[Start of Attachment]
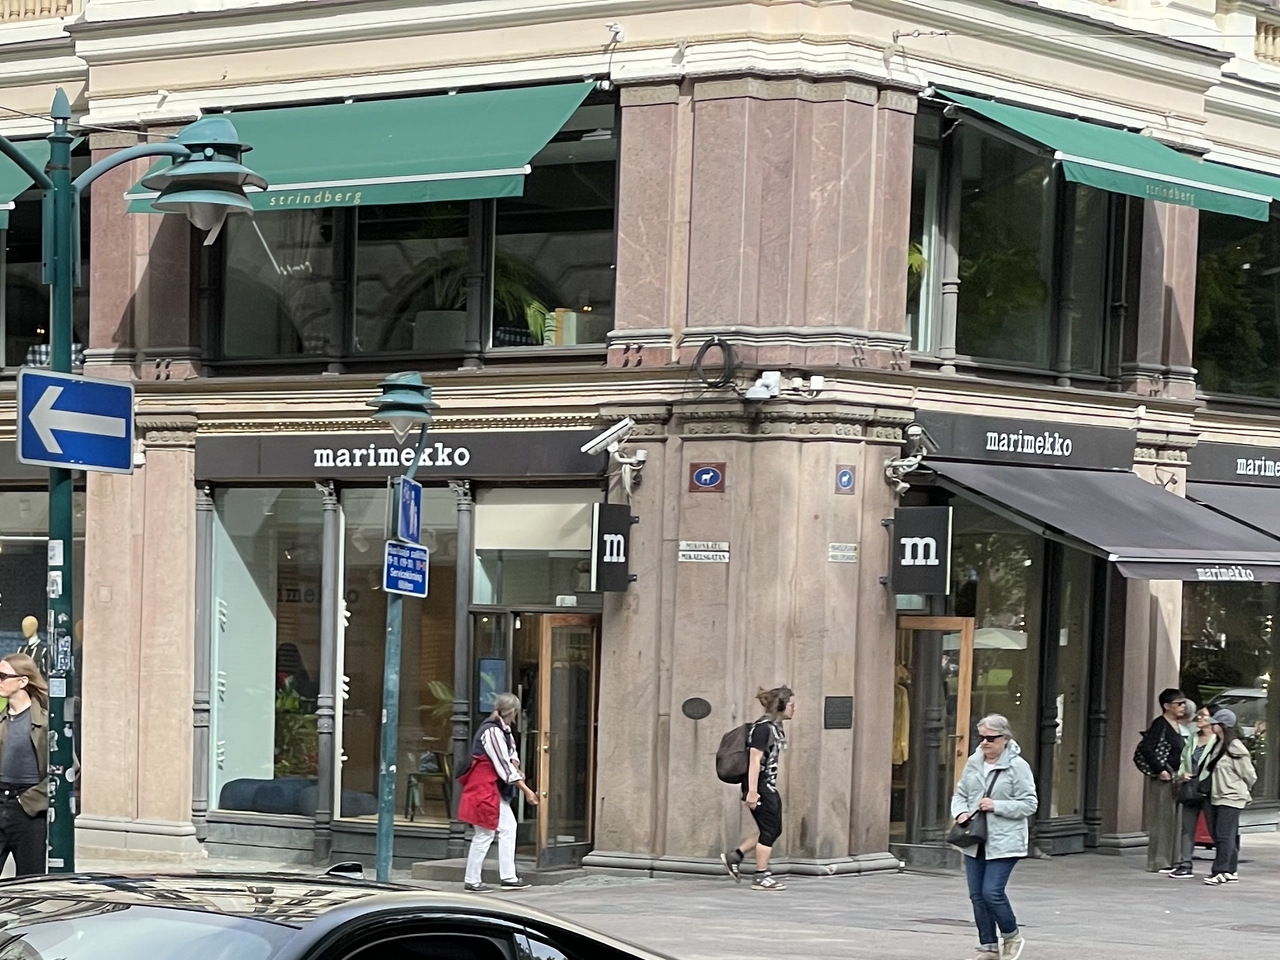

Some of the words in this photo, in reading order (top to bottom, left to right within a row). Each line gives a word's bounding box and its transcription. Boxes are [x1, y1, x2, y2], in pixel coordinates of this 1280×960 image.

[269, 190, 362, 206] strindberg
[1145, 184, 1195, 206] strindberg
[314, 442, 470, 467] marimekko
[985, 429, 1072, 456] marimekko
[603, 533, 626, 563] m
[900, 536, 940, 566] m
[1196, 564, 1255, 581] marimekko
[End of Attachment]
## [The task]
All of the records need repeating exactly, except for the pictures.

## [Finished exercise]
Some of the words in this photo, in reading order (top to bottom, left to right within a row). Each line gives a word's bounding box and its transcription. Boxes are [x1, y1, x2, y2], in pixel coordinates of this 1280×960 image.

[269, 190, 362, 206] strindberg
[1145, 184, 1195, 206] strindberg
[314, 442, 470, 467] marimekko
[985, 429, 1072, 456] marimekko
[603, 533, 626, 563] m
[900, 536, 940, 566] m
[1196, 564, 1255, 581] marimekko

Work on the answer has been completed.